The annual list of TIME magazine’s 100 most influential people includes some obvious choices — Barack Obama, Mitt Romney, the entertainment world’s flavors of the month — and some truly dreadful ones — Iran’s supreme leader — but some of the choices are worthy of note.

One is Salman Khan, who has helped challenge longstanding ideas about the best ways to educate kids:

Like a lot of great innovators, Salman Khan didn’t set out to change the world. He was just trying to help his teenage cousin with her algebra from across the country. But from a closet turned office in his Silicon Valley apartment, Sal, 35, has produced an amazing library of online lectures on math, science and a host of other subjects. In the process, he has turned the classroom — and the world of education — on its head.

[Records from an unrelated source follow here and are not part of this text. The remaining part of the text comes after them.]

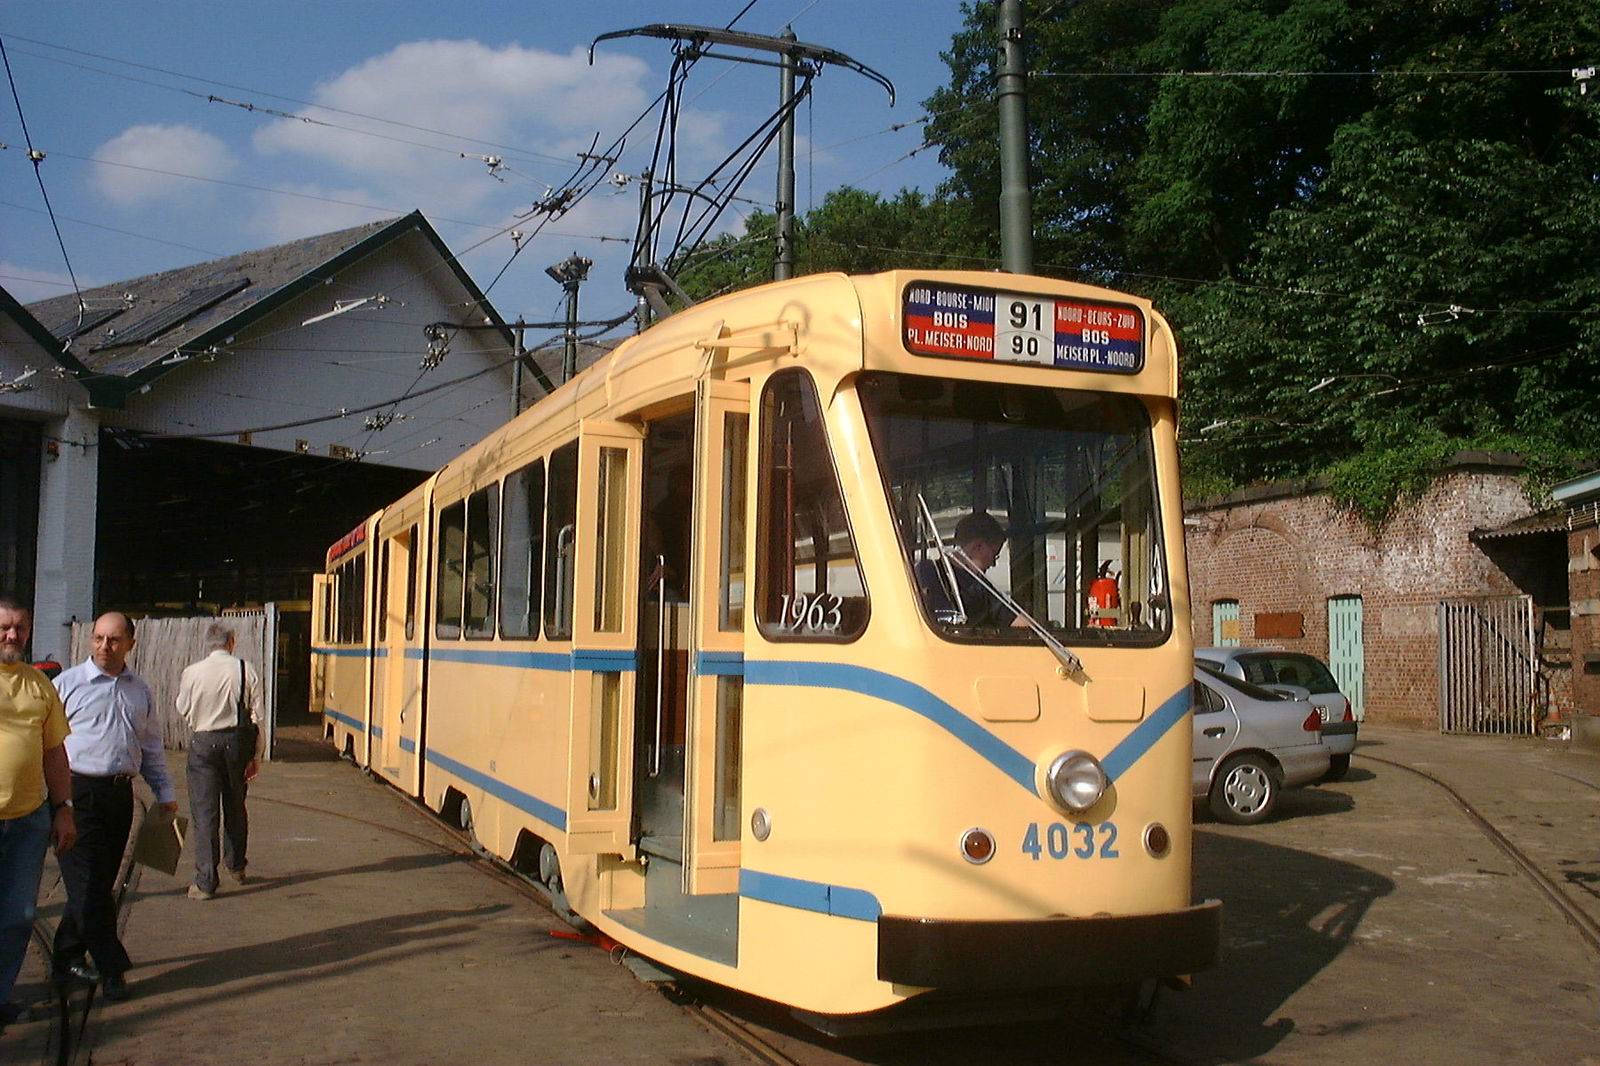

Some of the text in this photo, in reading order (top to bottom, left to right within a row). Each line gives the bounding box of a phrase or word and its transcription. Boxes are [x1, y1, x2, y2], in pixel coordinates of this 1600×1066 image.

[933, 310, 968, 329] BOIS
[1009, 301, 1042, 331] 91
[1011, 335, 1039, 357] 90
[1082, 328, 1110, 345] BOS
[1056, 344, 1089, 361] MEISER
[777, 592, 844, 633] 1963
[1022, 821, 1120, 861] 4032

The aspiration of khanacademy.org is to give every kid a chance at a free, world-class education. The site has over 3,000 short lessons that allow kids to learn at their own pace. Practice exercises send students back to the pertinent video when they’re having trouble.

Another is Catholic Archbishop Timothy Dolan, who helped spread the word about the Obama administration’s health care regulation overreach.

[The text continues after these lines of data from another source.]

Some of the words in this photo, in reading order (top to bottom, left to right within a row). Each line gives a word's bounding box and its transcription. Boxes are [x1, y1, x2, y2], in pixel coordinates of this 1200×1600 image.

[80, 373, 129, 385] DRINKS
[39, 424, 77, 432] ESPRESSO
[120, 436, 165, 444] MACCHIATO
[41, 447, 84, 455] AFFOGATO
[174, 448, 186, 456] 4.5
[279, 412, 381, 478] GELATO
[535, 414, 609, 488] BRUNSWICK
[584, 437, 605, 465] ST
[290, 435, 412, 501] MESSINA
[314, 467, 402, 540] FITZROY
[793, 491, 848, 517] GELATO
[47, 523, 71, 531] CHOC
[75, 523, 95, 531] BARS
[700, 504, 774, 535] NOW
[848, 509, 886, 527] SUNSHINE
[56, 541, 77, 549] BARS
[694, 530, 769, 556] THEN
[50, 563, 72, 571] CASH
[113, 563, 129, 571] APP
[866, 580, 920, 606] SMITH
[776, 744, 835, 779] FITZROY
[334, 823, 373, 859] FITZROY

[I]n 2012, this priest with a mien dating back half a century did something few other American Roman Catholic leaders have managed in recent times: he put himself and his church back in the center of the national political conversation, a public square long dominated by Protestant evangelicals.

In leading the opposition to a proposed Obama Administration rule that would have required Catholic organizations like hospitals to pay for contraceptive services for female employees, Dolan successfully argued that such a policy violated the nation’s principles of religious liberty.